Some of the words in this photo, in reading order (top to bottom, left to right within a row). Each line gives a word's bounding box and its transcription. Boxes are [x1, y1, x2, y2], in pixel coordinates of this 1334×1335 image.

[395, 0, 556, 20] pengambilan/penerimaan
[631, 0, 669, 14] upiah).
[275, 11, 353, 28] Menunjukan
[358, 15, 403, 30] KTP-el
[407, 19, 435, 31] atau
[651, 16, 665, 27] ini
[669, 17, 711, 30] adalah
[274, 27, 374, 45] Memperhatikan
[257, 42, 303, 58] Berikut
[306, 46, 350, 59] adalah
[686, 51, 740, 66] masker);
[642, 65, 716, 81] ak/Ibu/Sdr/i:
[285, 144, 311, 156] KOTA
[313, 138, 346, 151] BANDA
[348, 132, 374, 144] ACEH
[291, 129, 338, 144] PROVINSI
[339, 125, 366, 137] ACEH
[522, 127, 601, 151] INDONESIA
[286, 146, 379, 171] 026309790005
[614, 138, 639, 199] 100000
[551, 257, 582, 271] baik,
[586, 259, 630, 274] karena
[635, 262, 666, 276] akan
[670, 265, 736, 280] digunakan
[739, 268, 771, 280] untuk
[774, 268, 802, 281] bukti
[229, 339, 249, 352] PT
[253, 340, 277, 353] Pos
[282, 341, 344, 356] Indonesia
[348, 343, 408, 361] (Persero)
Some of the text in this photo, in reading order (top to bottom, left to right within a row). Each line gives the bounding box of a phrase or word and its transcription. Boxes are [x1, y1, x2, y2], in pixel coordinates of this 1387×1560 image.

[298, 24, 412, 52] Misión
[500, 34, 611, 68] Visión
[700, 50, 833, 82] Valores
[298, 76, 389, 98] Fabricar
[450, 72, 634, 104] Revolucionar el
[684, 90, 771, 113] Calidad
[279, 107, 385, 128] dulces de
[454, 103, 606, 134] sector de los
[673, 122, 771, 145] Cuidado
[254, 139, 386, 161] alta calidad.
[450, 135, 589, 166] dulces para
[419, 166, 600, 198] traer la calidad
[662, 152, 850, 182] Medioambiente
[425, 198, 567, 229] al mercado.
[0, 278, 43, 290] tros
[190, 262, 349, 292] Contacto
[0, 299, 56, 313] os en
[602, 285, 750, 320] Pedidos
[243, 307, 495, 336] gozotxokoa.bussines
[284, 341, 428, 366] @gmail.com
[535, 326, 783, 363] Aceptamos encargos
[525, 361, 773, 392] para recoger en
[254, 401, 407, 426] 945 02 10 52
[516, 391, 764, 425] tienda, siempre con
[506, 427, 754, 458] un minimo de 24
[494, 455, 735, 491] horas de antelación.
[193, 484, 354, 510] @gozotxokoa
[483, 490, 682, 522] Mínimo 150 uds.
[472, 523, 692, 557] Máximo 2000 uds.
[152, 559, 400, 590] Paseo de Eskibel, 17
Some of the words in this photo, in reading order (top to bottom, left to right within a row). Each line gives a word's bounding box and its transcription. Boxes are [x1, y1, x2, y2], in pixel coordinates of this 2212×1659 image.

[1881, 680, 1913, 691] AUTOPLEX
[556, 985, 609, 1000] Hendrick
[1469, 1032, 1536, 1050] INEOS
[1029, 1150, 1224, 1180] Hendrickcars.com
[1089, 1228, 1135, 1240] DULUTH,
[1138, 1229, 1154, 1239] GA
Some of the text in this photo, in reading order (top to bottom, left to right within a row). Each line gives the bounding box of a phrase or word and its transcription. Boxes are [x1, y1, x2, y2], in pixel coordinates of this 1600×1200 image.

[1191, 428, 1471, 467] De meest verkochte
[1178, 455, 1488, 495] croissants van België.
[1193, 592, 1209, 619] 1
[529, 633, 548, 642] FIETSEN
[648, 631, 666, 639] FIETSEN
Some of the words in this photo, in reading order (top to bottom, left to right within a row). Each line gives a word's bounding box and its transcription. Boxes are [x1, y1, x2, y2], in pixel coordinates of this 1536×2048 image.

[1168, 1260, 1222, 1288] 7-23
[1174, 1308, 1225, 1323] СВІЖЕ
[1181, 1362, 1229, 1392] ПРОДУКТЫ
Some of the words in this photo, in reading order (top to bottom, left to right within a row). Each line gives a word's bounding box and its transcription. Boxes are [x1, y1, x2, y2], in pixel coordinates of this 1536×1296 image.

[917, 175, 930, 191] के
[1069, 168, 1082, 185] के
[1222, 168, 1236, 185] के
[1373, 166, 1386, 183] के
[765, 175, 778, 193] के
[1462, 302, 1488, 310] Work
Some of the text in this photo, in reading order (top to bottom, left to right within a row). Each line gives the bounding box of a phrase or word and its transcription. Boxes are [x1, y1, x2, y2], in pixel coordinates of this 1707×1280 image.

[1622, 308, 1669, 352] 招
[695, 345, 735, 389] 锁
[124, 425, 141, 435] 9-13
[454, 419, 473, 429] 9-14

(EXERCISE DETAILS): In the data above, find the line containing "this 1707×1280 image.", then copy it and every later line exactly.

(SOLVED EXERCISE):
Some of the text in this photo, in reading order (top to bottom, left to right within a row). Each line gives the bounding box of a phrase or word and its transcription. Boxes are [x1, y1, x2, y2], in pixel coordinates of this 1707×1280 image.

[1622, 308, 1669, 352] 招
[695, 345, 735, 389] 锁
[124, 425, 141, 435] 9-13
[454, 419, 473, 429] 9-14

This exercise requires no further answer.